National Security Strategy

 

 

National security needs a plan. That means strategy. That’s what we’re going to address, the relationship between national security and the strategy to achieve it.

 

Introduction

 

Today, I want to speak to you about national security and the strategy to preserve it. No matter if you have a lot of resources, a strong military power, a well-located territory, or good transport connections with commercial routes. All of this is useless if you don’t know how to combine them to preserve your security. That shows us something important. Security has much to do with planning, and more specifically, with strategy. In addition to this, the strategy has to do with behavior. On the international stage, that means the way a polity conducts its foreign relations.

On this occasion, I want to address the national security strategy. To do so, I’m going to discuss what strategy is and how it relates to national security.

National security is the most important concern of any State because it has to do with its survival. I don’t want to go over it again because I discussed this matter before.

So, national security is, in plain words, survival. It has a relation to the national interest, but this one is broader than national security. Indeed, it has to do with different aspects related to the State’s safety. However, it’s broader than mere survival. In some way, we can say it has to do with the means to ensure the existence of the State in the long run. In a few words, it’s the necessary power to ensure national security. For further information about this, you can check another episode I devoted to this question.

Hence, national interest is close to strategic matters because specific measures in the good of the national interest involve certain behavior. Anyways, they are intertwined, and for this reason, we can’t consider them separately. That explains why we are talking about national security, national interest, and strategy at the same time.

 

Authors’ definitions of strategy

 

Strategy has many definitions, and every author sets out their particular view on this. However, they usually focus on a specific aspect of strategy. For this reason, they develop a definition adapted to the matter they are addressing. In our case, we can’t limit the meaning of strategy to military issues. We have to take into account the national security implications in political terms. However, it doesn’t prevent us from getting inspiration from some authors that reflected on strategy from a military standpoint.

Despite his limitations, a good starting point is Clausewitz’s definition of strategy. He considered it the use of engagements for the object of war. What turns out to be interesting in his definition is his idea of engagements.
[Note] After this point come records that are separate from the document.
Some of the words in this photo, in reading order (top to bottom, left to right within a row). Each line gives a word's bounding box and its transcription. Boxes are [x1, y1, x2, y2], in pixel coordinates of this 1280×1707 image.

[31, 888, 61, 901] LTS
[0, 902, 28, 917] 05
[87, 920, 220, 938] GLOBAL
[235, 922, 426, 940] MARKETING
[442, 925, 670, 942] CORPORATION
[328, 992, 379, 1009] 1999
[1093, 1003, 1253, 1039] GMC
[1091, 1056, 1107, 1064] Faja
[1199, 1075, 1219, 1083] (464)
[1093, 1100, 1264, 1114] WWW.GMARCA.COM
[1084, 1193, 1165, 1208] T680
In this regard, a strategy is the use of tacit and explicit threats to advance political purposes. Engagements are, in the strategic context, all-important means of power for the objectives of statecraft.
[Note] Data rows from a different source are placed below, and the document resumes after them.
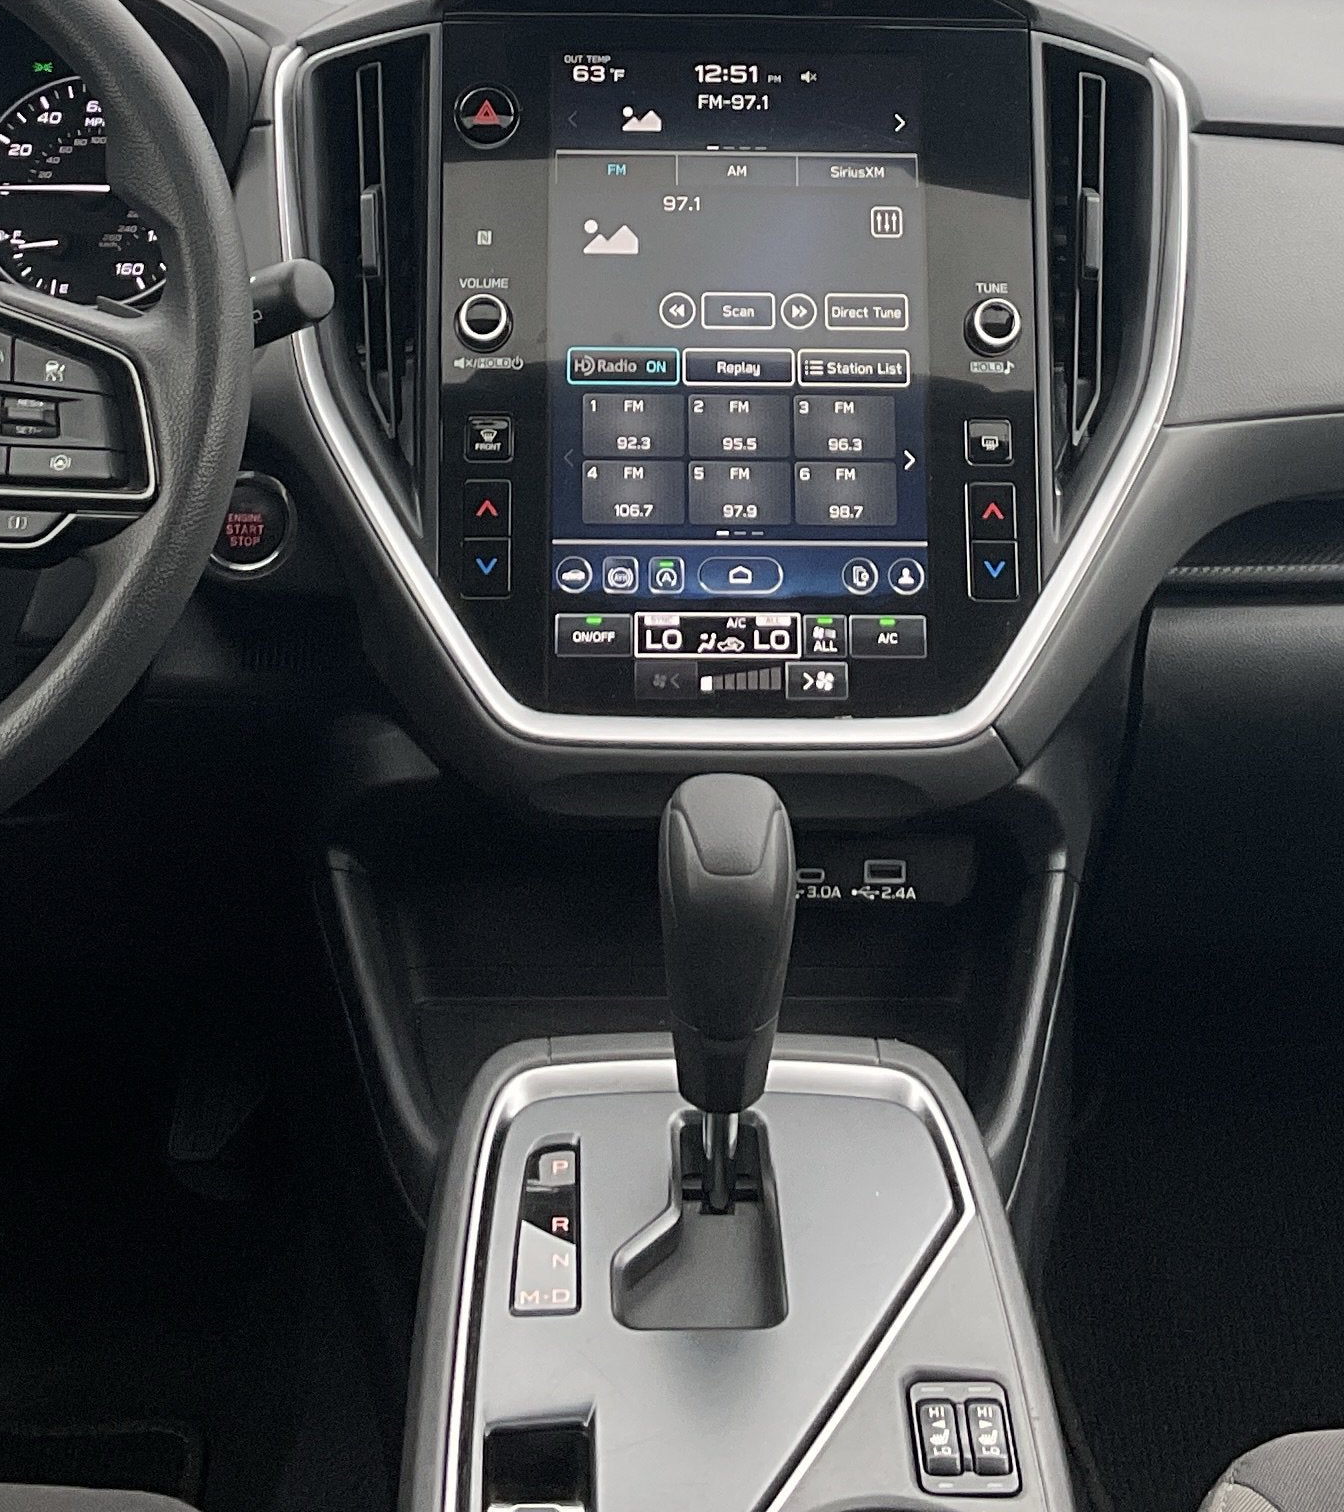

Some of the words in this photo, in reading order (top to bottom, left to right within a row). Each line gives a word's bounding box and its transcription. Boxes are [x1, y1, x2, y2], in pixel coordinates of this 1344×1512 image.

[564, 54, 584, 64] OUT
[586, 54, 611, 65] TEMP
[572, 65, 605, 83] 63
[694, 64, 759, 84] 12:51
[767, 74, 782, 84] PM
[697, 94, 770, 111] FM-97.1
[36, 111, 62, 125] 40
[84, 117, 105, 127] MP
[8, 143, 32, 157] 20
[607, 163, 627, 176] FM
[726, 165, 748, 177] AM
[830, 166, 886, 179] SiriusXM
[663, 196, 702, 211] 97.1
[114, 262, 145, 276] 160
[459, 277, 509, 289] VOLUME
[975, 282, 1008, 294] TUNE
[722, 305, 755, 318] Scan
[831, 305, 868, 319] Direct
[872, 306, 902, 319] Tune
[597, 359, 637, 374] Radio
[646, 360, 667, 374] ON
[716, 360, 761, 377] Replay
[826, 361, 874, 376] Station
[877, 361, 903, 376] List
[970, 362, 1003, 373] HOLD
[590, 400, 598, 413] 1
[623, 400, 644, 413] FM
[693, 400, 704, 413] 2
[729, 400, 750, 413] FM
[798, 401, 810, 414] 3
[834, 401, 855, 414] FM
[475, 442, 501, 451] FRONT
[617, 436, 651, 451] 92.3
[722, 437, 758, 451] 95.5
[828, 437, 863, 451] 96.3
[586, 467, 598, 480] 4
[623, 467, 644, 480] FM
[693, 467, 705, 480] 5
[729, 467, 750, 480] FM
[799, 468, 810, 481] 6
[835, 468, 856, 481] FM
[613, 504, 654, 518] 106.7
[722, 505, 758, 519] 97.9
[829, 505, 864, 519] 98.7
[227, 513, 263, 523] ENGINE
[226, 524, 265, 535] START
[230, 536, 261, 547] STOP
[726, 617, 747, 629] A/C
[572, 630, 616, 644] ON/OFF
[645, 629, 683, 650] LO
[753, 629, 791, 651] LO
[877, 632, 899, 645] A/C
[813, 640, 838, 653] ALL
[806, 885, 842, 899] 3.0A
[881, 886, 917, 900] 2.4A
[552, 1160, 569, 1175] P
[551, 1216, 570, 1232] R
[552, 1253, 570, 1268] N
[928, 1406, 945, 1419] HI
[976, 1406, 993, 1418] HI
[932, 1446, 952, 1457] LO
[981, 1446, 1001, 1456] LO
Another interesting definition is Wylie’s. In his view, a strategy is a “plan of action designed in order to achieve some end; a purpose together with a system of measures for its accomplishment.” In this case, Wylie emphasizes the role of strategy as a plan of action. This perspective is useful if we put it in the context of international politics.
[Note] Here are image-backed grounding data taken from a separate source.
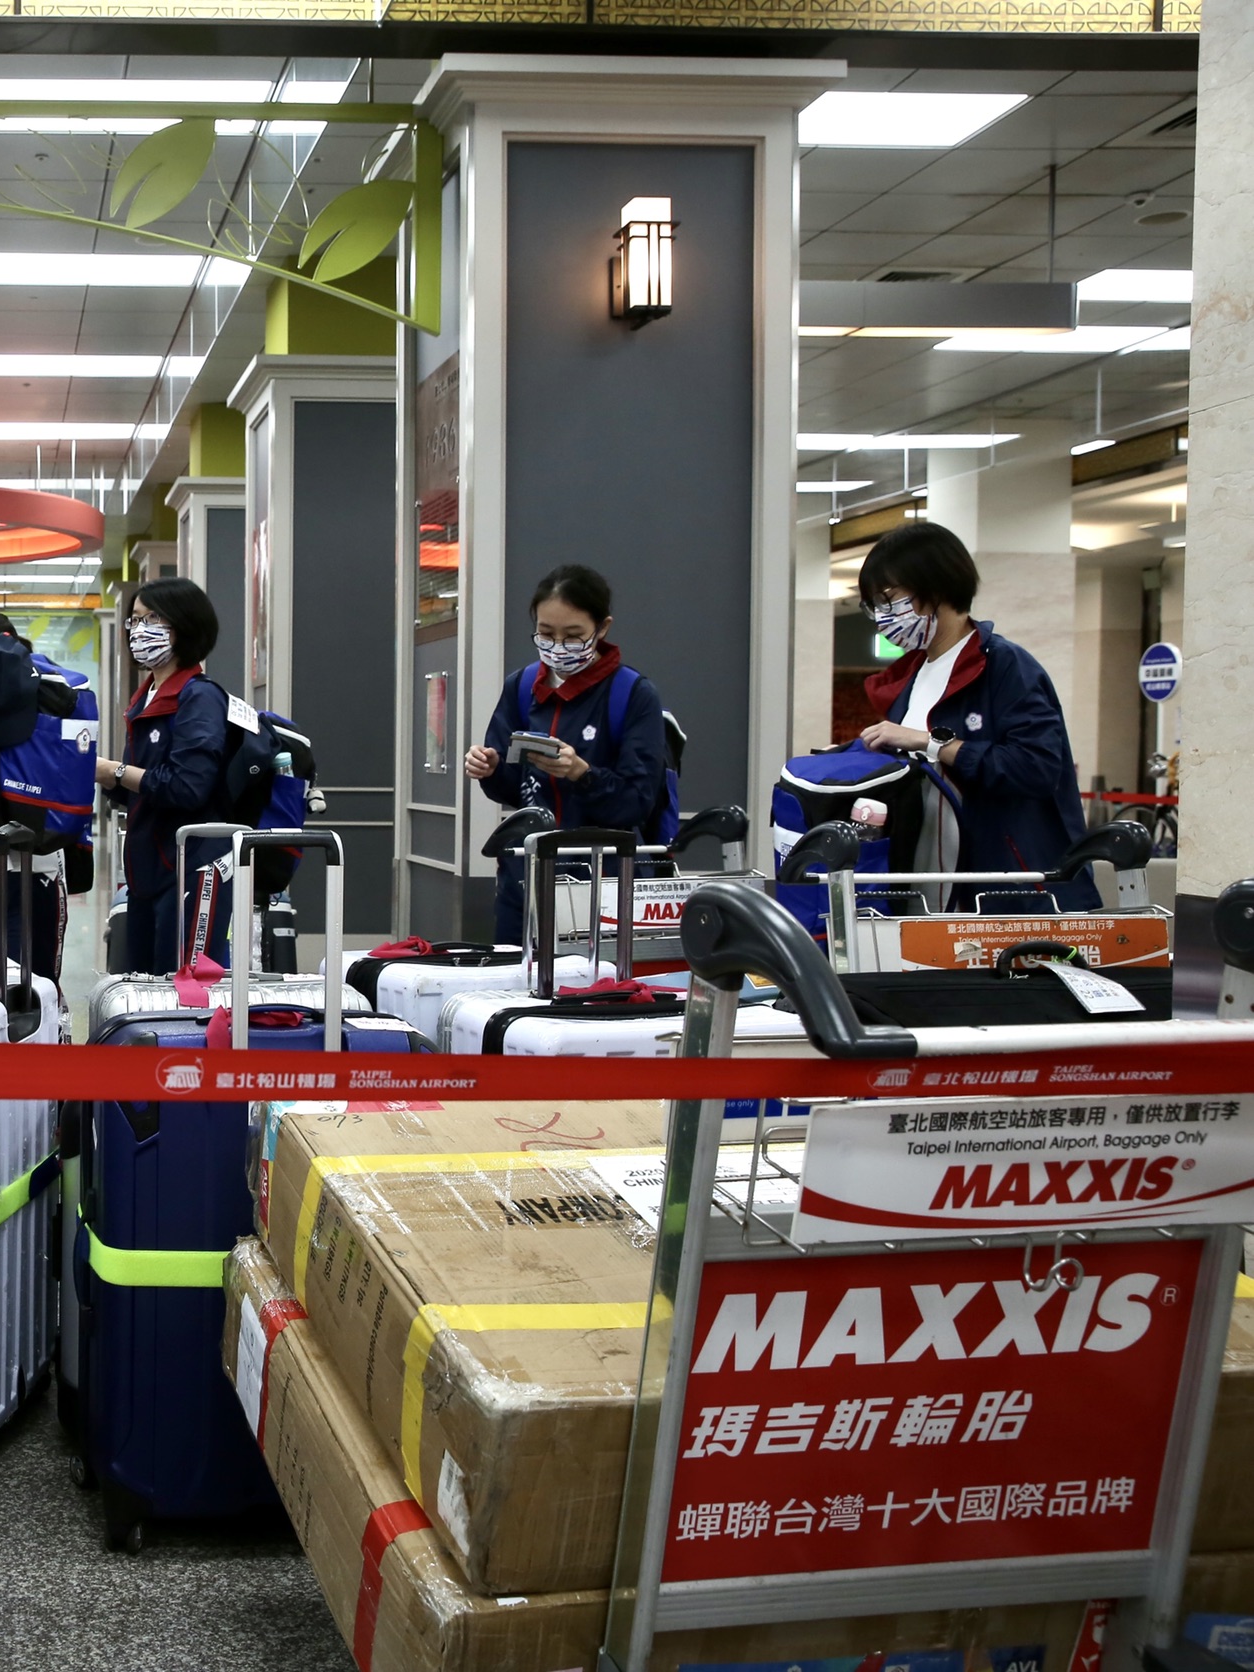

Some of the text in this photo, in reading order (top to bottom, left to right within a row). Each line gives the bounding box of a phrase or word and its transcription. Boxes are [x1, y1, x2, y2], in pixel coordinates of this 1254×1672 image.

[4, 779, 42, 794] CHINESE TAIPEI
[202, 879, 212, 901] TAIPEI
[196, 912, 208, 939] CHINESE
[1086, 933, 1103, 942] Only
[350, 1069, 392, 1079] TAIPEI
[922, 1069, 1040, 1087] 臺北松山機場
[1049, 1070, 1174, 1083] SONGSHAN AIRPORT
[1054, 1064, 1094, 1073] TAIPEI
[216, 1072, 336, 1089] 臺北松山機場
[348, 1078, 477, 1089] SONGSHAN AIRPORT
[887, 1101, 1241, 1135] 臺北國際航空站旅客專用，僅供放置行李
[906, 1130, 1208, 1157] Taipei International Airport, Baggage Only
[928, 1156, 1180, 1210] MAXXIS
[373, 1282, 389, 1330] Portable
[691, 1273, 1160, 1374] MAXXIS
[682, 1390, 1033, 1459] 瑪吉斯輪胎
[675, 1477, 1135, 1542] 蟬聯台灣十大國際品牌
The military historian Liddell Hart suggested another definition. He spoke about the grand strategy as a higher strategy. Its purpose is to coordinate and direct all the resources of a nation towards the achievement of the political goal of the war. The fundamental policy defines this goal.

The French general André Beaufre defined strategy as “the art of the dialectic of force or, more precisely, the art of the dialectic of two opposing wills using force to resolve their dispute.” In this case, Beaufre stresses the dueling character of strategic behavior. The importance of the enemy’s will is something neglected in strategic history, and this author remarks on this aspect of strategy.

Another point of view is Gregory D. Foster’s. He claimed that strategy is ultimately about effectively exercising power. He combined this definition with the metaphor that strategy is the bridge that relates military power to political purposes. Nevertheless, not always a strategic player is a successful one, and that explains why there are ways of exercising power ineffectively. So, the efforts of every polity aim to use power effectively, but that’s not always the result.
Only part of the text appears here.